More than half of the money in the IA Commodity/Natural Resources and IA Mixed Investment 40-85% Shares sectors is invested in funds that have made a top-quartile return in 2023 so far, research by Trustnet suggests.
Quartiles are one of the most common methods of determining a fund’s performance relative to its peers. Under this approach, funds are sorted into four equal buckets to show, loosely, those that have outperformed strongly, outperformed slightly, underperformed slightly and underperformed strongly.
But in this research we have taken those quartile buckets and weighted them by their total assets under management to show in which sectors the most amount of money is being run by funds enjoying a first-quartile 2023.
This makes a subtle difference, as it aligns more closely (but not perfectly) with the experience of the average investor in a sector, rather than focusing on the outcome of the average fund.
If we look at the entire Investment Association universe, 26.8% of investors’ money is currently in funds that are top quartile this year, while 37.4% is in the second quartile. Some 19.8% of assets are in the third quartile and just 16% is in bottom-quartile funds.
When it comes to sectors, IA Commodity/Natural Resources is in first place, where 59% of its money in funds that are in the top quartile this year. Only 12.1% of the peer group’s assets are in fourth-quartile funds.
Performance of commodity funds, commodity prices and global equities over 2023
Source: FE Analytics
On the face of it, the sector has had a tough 2023. The average fund has lost 5.2% for the year to date after commodity prices fell; the S&P GSCI broad commodity index is down 8% this year.
However, this article is about looking beyond the performance of the average fund. Among the eight IA Commodity/Natural Resources funds in the top quartile for 2023 so far are some of the sector’s biggest members and six have made a positive return.

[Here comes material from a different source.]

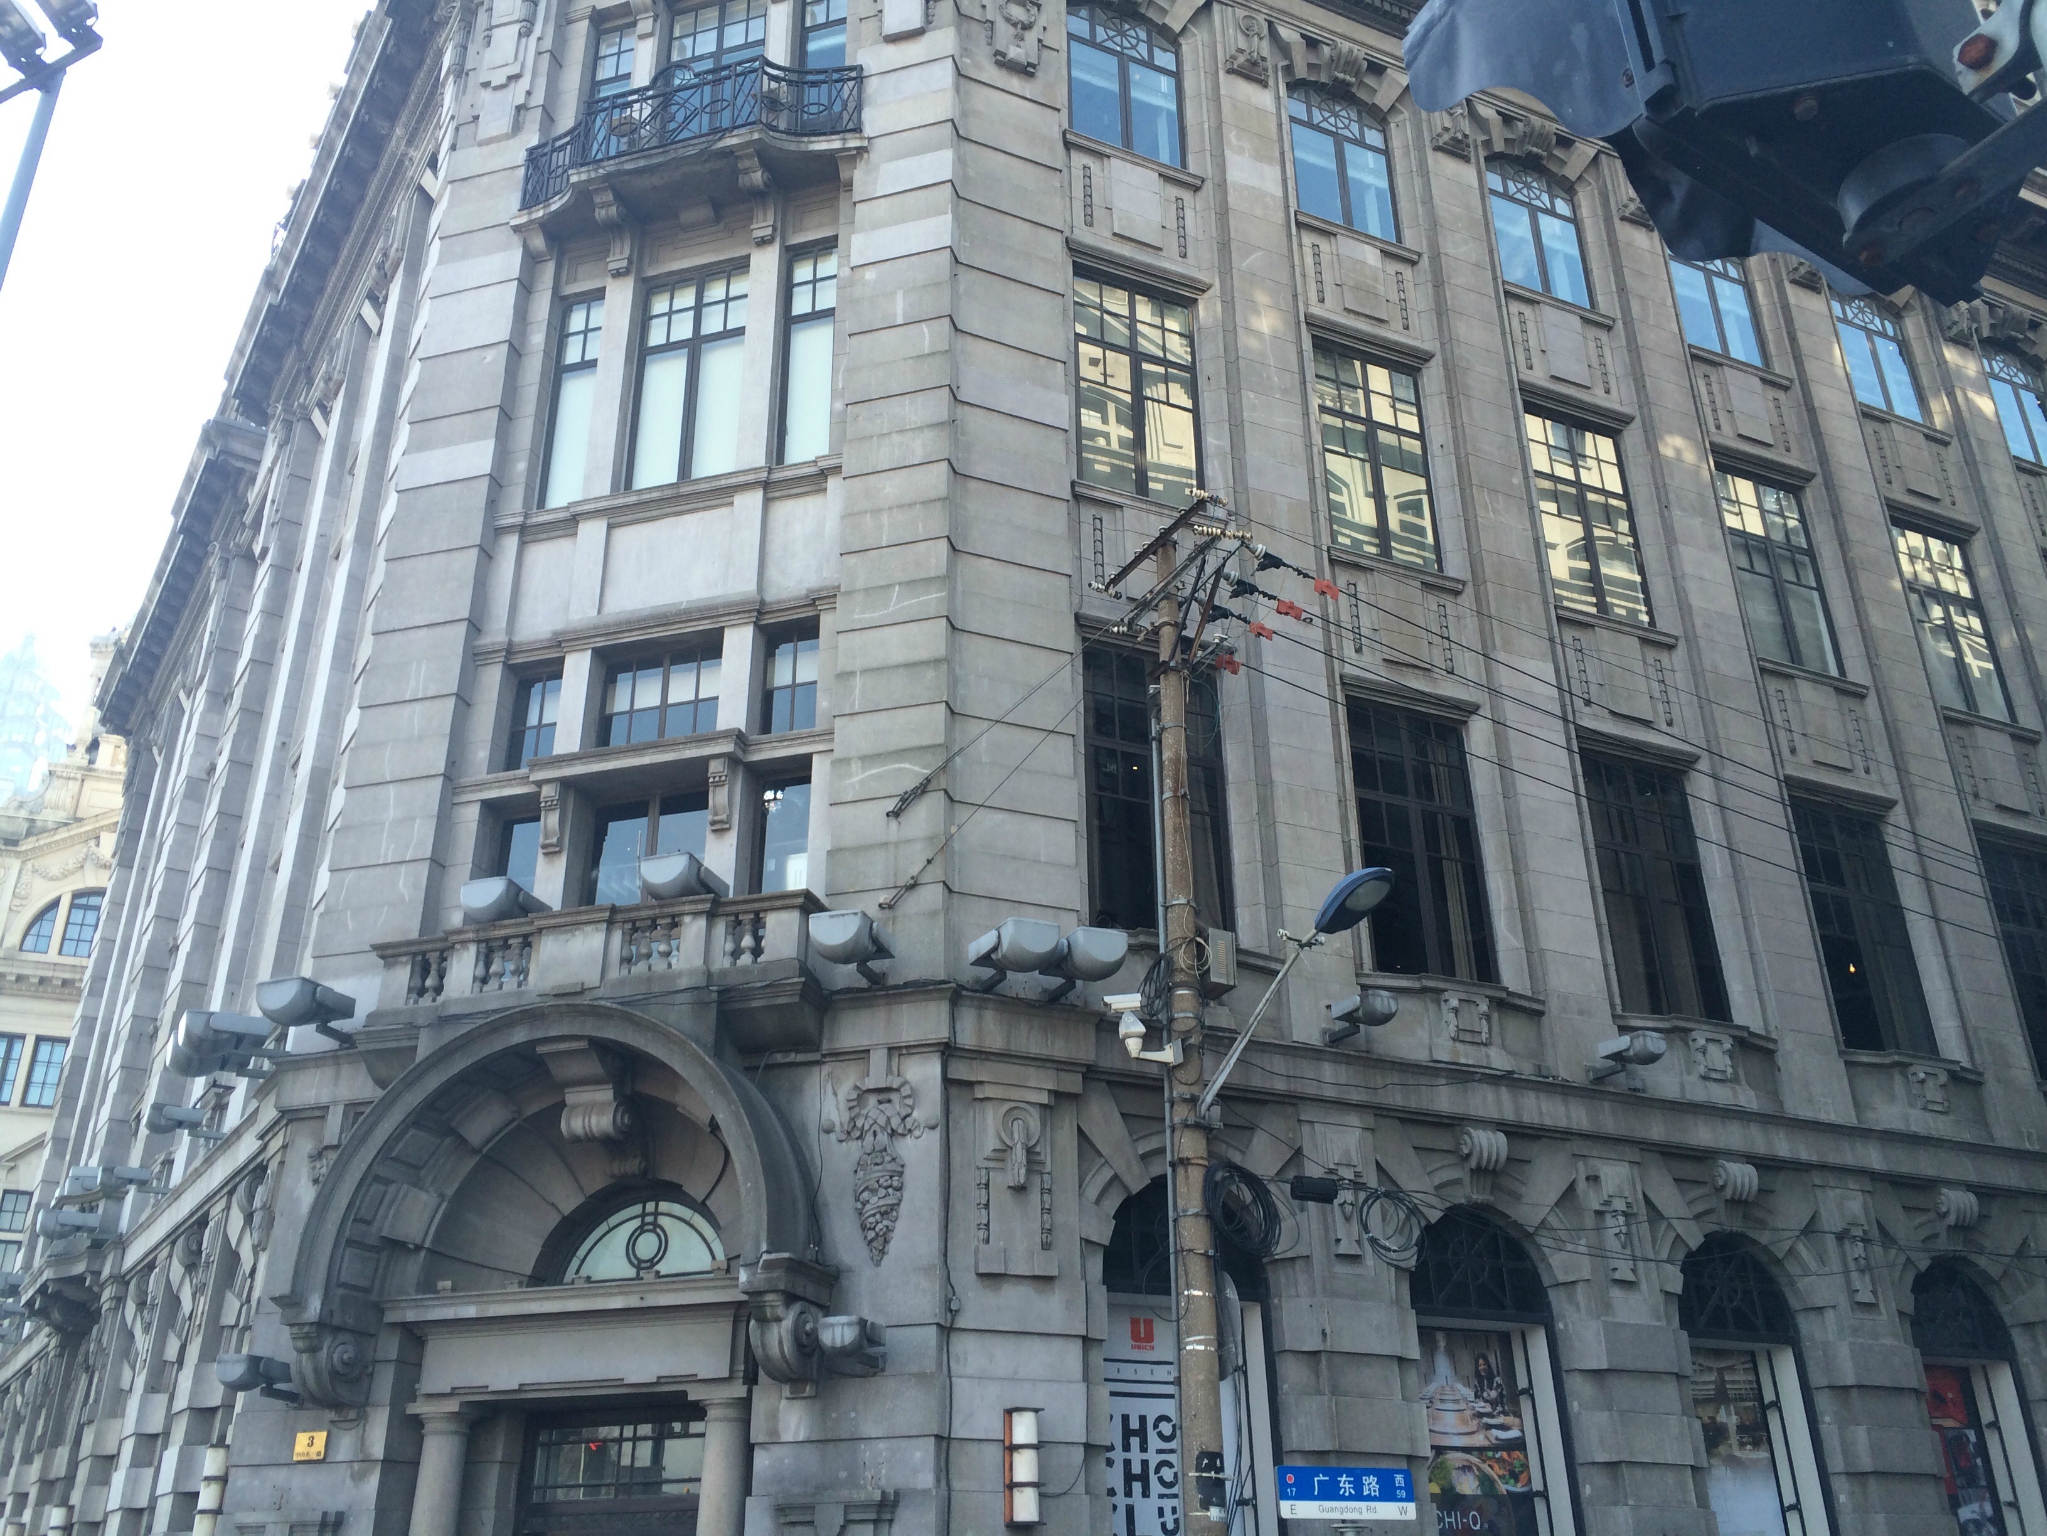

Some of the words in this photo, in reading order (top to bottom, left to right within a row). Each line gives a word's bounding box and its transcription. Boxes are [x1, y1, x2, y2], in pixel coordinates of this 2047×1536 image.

The £4bn Pictet Clean Energy Transition fund, for example, is the peer group’s best fund this year with a total return of 19.9% while accounting for 13.6% of the sector’s assets. The £7bn Pictet Water fund is in second place after making 8.6%; it runs 23.9% of the sector’s money.
Pictet Timber, iShares Global Water UCITS ETF, iShares Global Timber & Forestry UCITS ETF and Xtrackers MSCI World Materials UCITS ETF are also in the IA Commodity/Natural Resources sector’s top quartile and have made a positive return.
BlackRock BGF World Energy and Xtrackers MSCI World Energy UCITS ETF, however, have made a loss this year but ones that are small enough to keep them in the first quartile.
All of the Investment Association’s fund sectors can be found in the table below, along with the percentage of each’s assets broken down by quartile for the year to date.
Source: FE Analytics
IA Mixed Investment 40-85% Shares comes in second place with 56.4% of its assets being managed by top-quartile funds.
The average fund has made 6.7% this year, but its top quartile includes the likes of the £14bn Vanguard LifeStrategy 60% Equity fund (running 14.4% of the sector’s assets and returning 8.8% this year) and £10bn Vanguard LifeStrategy 80% Equity fund (running 10.1% of assets with a 10.3% total return).
Other large funds in the first quartile include Royal London Sustainable World Trust, BlackRock Consensus 85, Liontrust Sustainable Future Managed and HL Multi Manager Balanced Managed.
In the IA Global sector – the largest Investment Association sector – things are a bit closer to the line with 28.4% of its assets in funds generating a first-quartile return this year.
These include the £12.9bn Vanguard Global Stock Index fund, the £9.9bn Xtrackers MSCI World UCITS ETF, the £3.8bn Royal London Global Equity Diversified fund and the £3.6bn Rathbone Global Opportunities fund.
Investors in the IA Technology & Technology Innovation sector – which is leading the performance tables this year – have been less lucky, however, as just 19% of the peer group’s money is in top-quartile funds.
These include L&G Global Technology Index Trust, T. Rowe Price Global Technology Equity and iShares S&P 500 Information Technology Sector UCITS ETF.
The bulk of the sector’s money is in the second quartile (33.4%) or the third quartile (35%) with just 12.7% of assets under management in bottom quartile funds.